“Your eyes sparkle,” said Ameni, “as if you had performed some heroic feat; and yet the men you killed were only unarmed and pious citizens, who were roused to indignation by a gross and shameless outrage. I cannot conceive whence the warrior-spirit should have fallen on a gardener’s son—and a minister of the Gods.”
“It is true,” answered Pentaur, “when the crowd rushed upon me, and I drove them back, putting out all my strength, I felt something of the warlike rage of the soldier, who repulses the pressing foe from the standard committed to his charge. It was sinful in a priest, no doubt, and I will repent of it—but I felt it.”
“You felt it—and you will repent of it, well and good,” replied Ameni. “But you have not given a true account of all that happened. Why have you concealed that Bent-Anat—Rameses’ daughter—was mixed up in the fray, and that she saved you by announcing her name to the people, and commanding them to leave you alone? When you gave her the lie before all the people, was it because you did not believe that it was Bent-Anat? Now, you who stand so firmly on so high a platform—now you standard-bearer of the truth answer me.”
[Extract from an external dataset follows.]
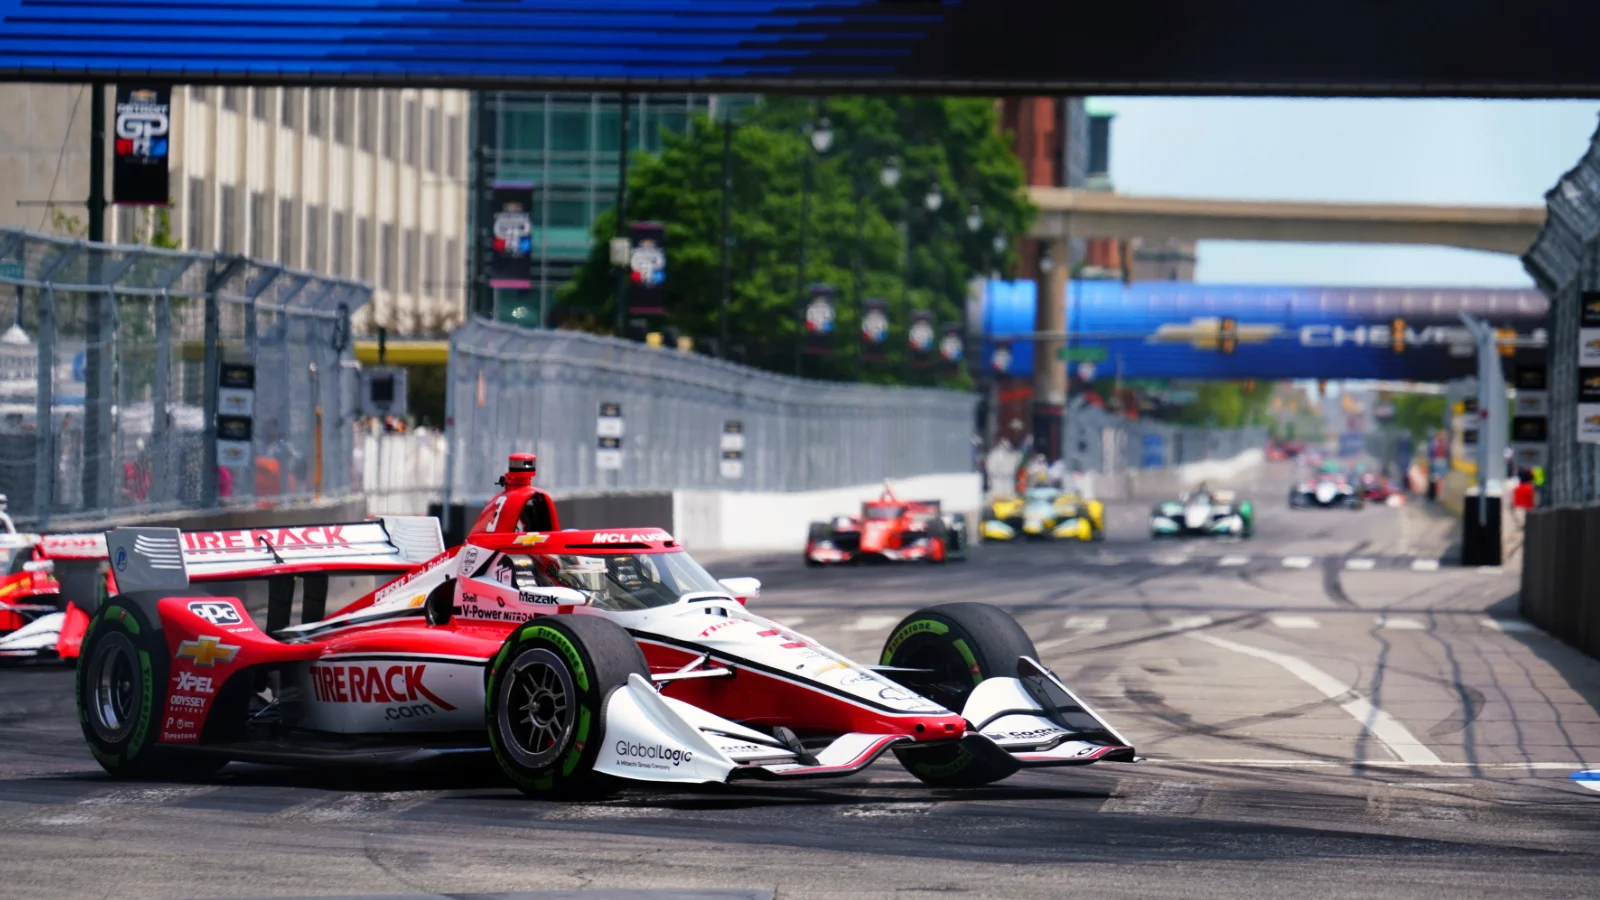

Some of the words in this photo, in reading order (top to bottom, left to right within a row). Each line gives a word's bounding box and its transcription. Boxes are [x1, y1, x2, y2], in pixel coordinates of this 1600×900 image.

Pentaur had turned pale at his master’s words, and said, as he looked at the Regent:
“We are not alone.”
“Truth is one!” said Ameni coolly. “What you can reveal to me, can also be heard by this noble lord, the Regent of the king himself. Did you recognize Bent-Anat, or not?”
“The lady who rescued me was like her, and yet unlike,” answered the poet, whose blood was roused by the subtle irony of his Superior’s words. “And if I had been as sure that she was the princess, as I am that you are the man who once held me in honor, and who are now trying to humiliate me, I would all the more have acted as I did to spare a lady who is more like a goddess than a woman, and who, to save an unworthy wretch like me, stooped from a throne to the dust.”
“Still the poet—the preacher!” said Ameni. Then he added severely. “I beg for a short and clear answer. We know for certain that the princess took part in the festival in the disguise of a woman of low rank, for she again declared herself to Paaker; and we know that it was she who saved you. But did you know that she meant to come across the Nile?”
“How should I?” asked Pentaur.
“Well, did you believe that it was Bent-Anat whom you saw before you when she ventured on to the scene of conflict?”
“I did believe it,” replied Pentaur; he shuddered and cast down his eyes.
“Then it was most audacious to drive away the king’s daughter as an impostor.”
“It was,” said Pentaur. “But for my sake she had risked the honor of her name, and that of her royal father, and I—I should not have risked my life and freedom for—”
“We have heard enough,” interrupted Ameni.
“Not so,” the Regent interposed. “What became of the girl you had saved?”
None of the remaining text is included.